133Louwye et al. (2000) recognised both the younger part of the DN2 and the DN3 biozones of de Verteuil & Norris (1996) in the Kiel Sand Member. Apart from sample AR2, all samples from the fossiliferous Kiel Sand Member horizons belong, as expected, to the younger parts of the DN2 biozone (early–middle Burdigalian). By the presence of rare specimens of Cordosphaeridium cantharellus in each sample, the DN2b subzone could be recognised. This taxon is also sporadically present by rare occurrences in the samples of the lower part of the Kiel Sand Member at the Berchem - Grote Steenweg (A.G.) section studied by Louwye et al. (2000).

134One sample from the Kiel Sand Member (PX3) was examined from a non-fossiliferous unit (PX unit 3). This unit consists of 0.5 m of strongly bioturbated, grey, medium fine- to coarse-grained glauconitic sand with locally some dispersed, small sandstones, overlying the fossiliferous Cordiopsis horizon. It was also observed at the Argenta section (AR unit 9) but was absent at the Tweelingenstraat section. This unit was deposited during the middle–late Burdigalian, as biozone DN3 (Zone SNSM4) is recognized. Despite its limited thickness at the Post X and Argenta sections, biozone DN3 reached a thickness of up to 6 metres at the Berchem - Grote Steenweg (A.G.) section in the south of Antwerp (Louwye et al., 2000). Further north of the Argenta site, this biozone completely disappears, e.g. at the Kievitstraat (A.K.) section (Louwye et al., 2000), where also the Cordiopsis horizon seems absent (Van den Bosch, 1966; De Meuter & Laga, 1976). Also, at the Tweelingenstraat section, the Cordiopsis horizon is mostly absent and its typical fossils and concretions are found reworked at the base of the Antwerpen Sand Member (Biozone DN4: Louwye et al., 2000; Louwye et al., 2010; this study). We observe a decrease in thickness of the DN3 biozone from the southwest to the north, where the erosive base of the Antwerpen Sand Member cuts deeper into the Kiel Sand Member and truncates more of its upper part (DN3) (Fig. 11). It is tempting to interpret the close relationship at the base of the Antwerpen Sand Member of tilting, erosion, renewed transgression and a peculiar short load casting phase as an expression of a single palaeogeographical rearrangement phase at that time.

Image 1000020100000F2F00000AD5A8BD92153ADBB632.png

Figure 11. Bio- and lithostratigraphical correlations of the sections in the study area. Biostratigraphy A.G. and A.K. after Louwye et al. (2000), the lithostratigraphy of A.K. is reinterpreted in this study. DN zones with ‘*’ are inferred from correlation with other samples. ? = The palynology of the Antwerpen Member above the central Glycymeris shell beds has not been studied. Cord = Cordiopsis horizon (see 6.4.). EMU = Early Miocene Unconformity, see Munsterman et al. (2019). Q = Quaternary.

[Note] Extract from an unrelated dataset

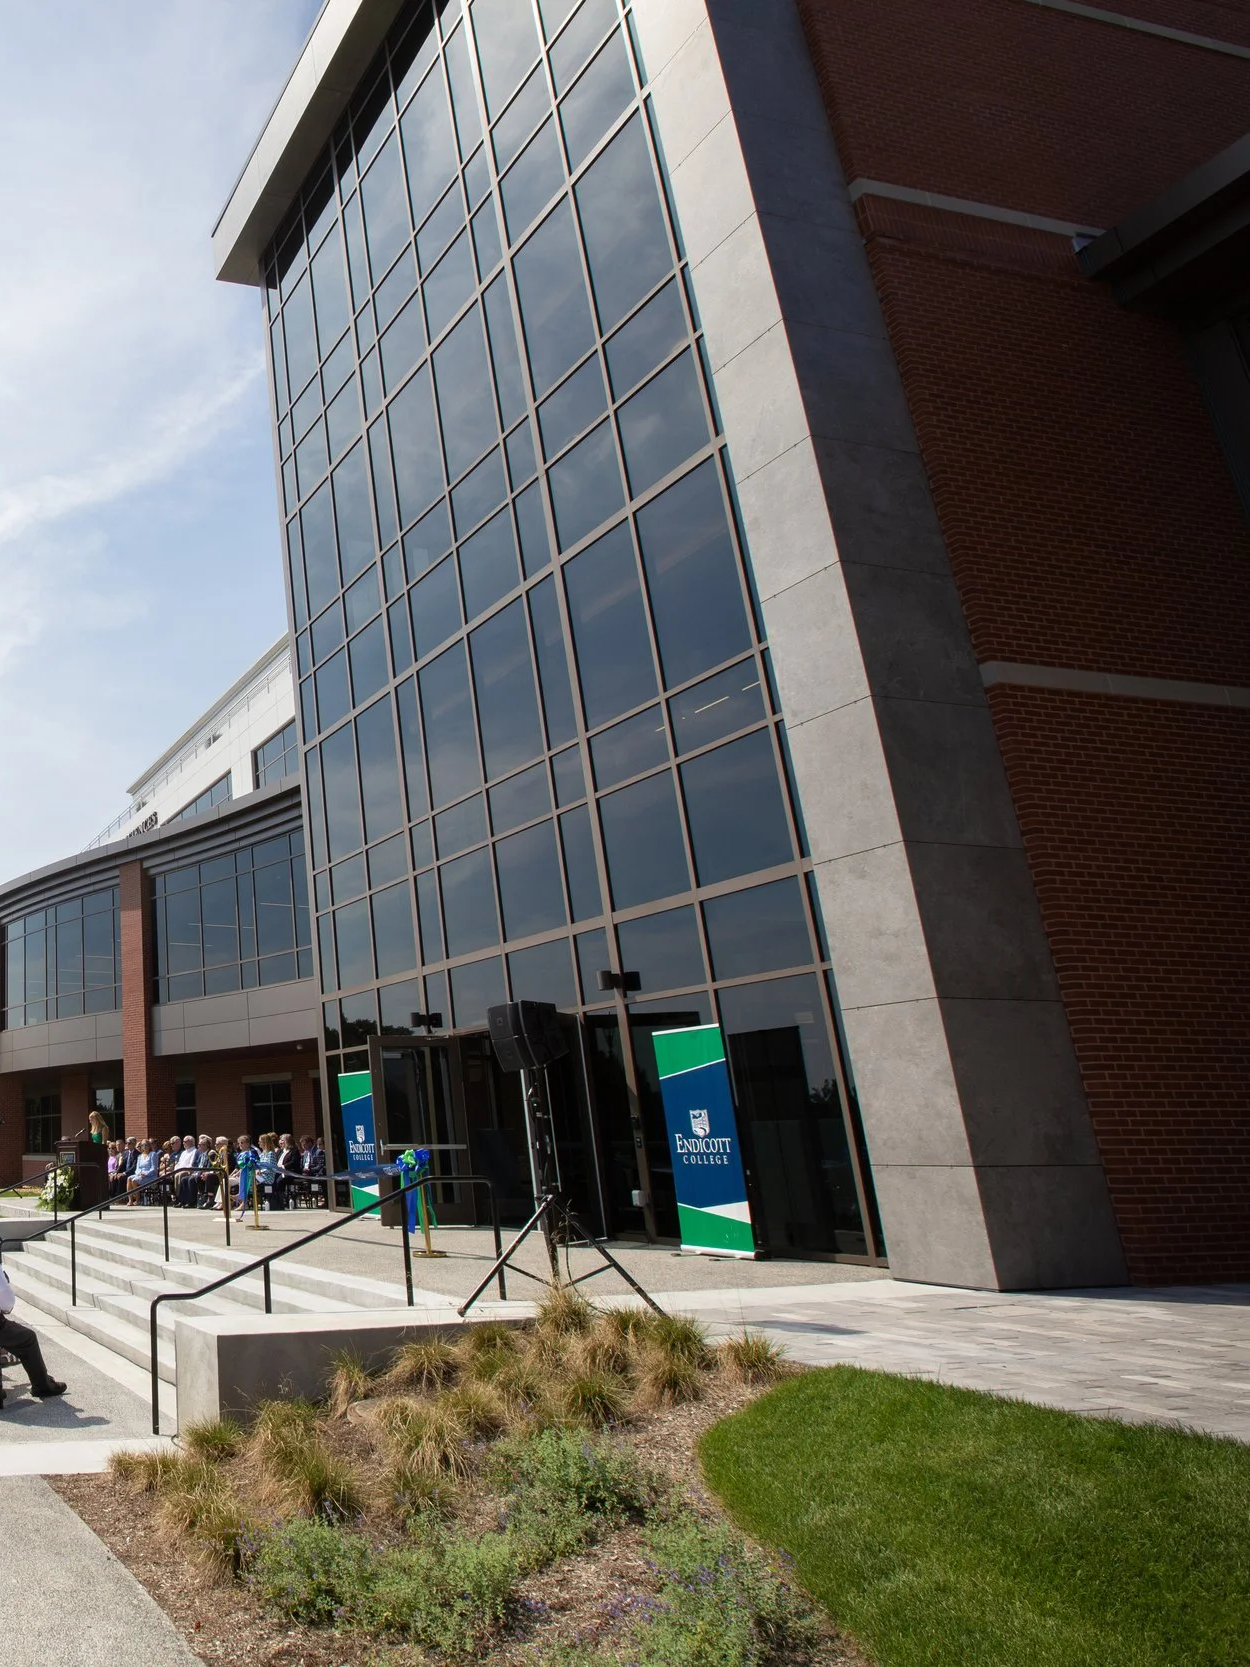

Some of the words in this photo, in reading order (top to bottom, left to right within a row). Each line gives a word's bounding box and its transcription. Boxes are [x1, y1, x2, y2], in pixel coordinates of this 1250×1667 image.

[348, 1140, 375, 1154] ENDICOTT
[674, 1133, 731, 1153] ENDICOTT
[683, 1155, 729, 1165] COLLEGE

135The unconformity between the Antwerpen Sand Member and underlying Kiel Sand Member in the present temporary exposures can be associated with the Early Miocene Unconformity (EMU), a geographically extensive unconformity recognised in the Roer Valley Graben rift system, the Dutch northern offshore and adjacent areas in Germany and Denmark (Munsterman et al., 2019). The EMU associated hiatus is well documented in well Goirle, 50 km NE of the study area, just across the Belgian-Dutch border, where biozone SNSM5-6 (Munsterman & Brinkhuis, 2004) directly rests on SNSM3, hence biozone SNSM4, spanning c. 1.8 Ma, is missing (Munsterman et al., 2019, fig. 4). The stratigraphic position of this hiatus in well Goirle matches very well with the gap between the Antwerpen and Kiel Sand Members in the Antwerp area. The EMU is associated with the lithostratigraphic boundary between the Veldhoven Formation, Someren Member and the Groote Heide Formation in the Netherlands and the transition from the Köln to the Ville Formations in Germany (Munsterman et al., 2019).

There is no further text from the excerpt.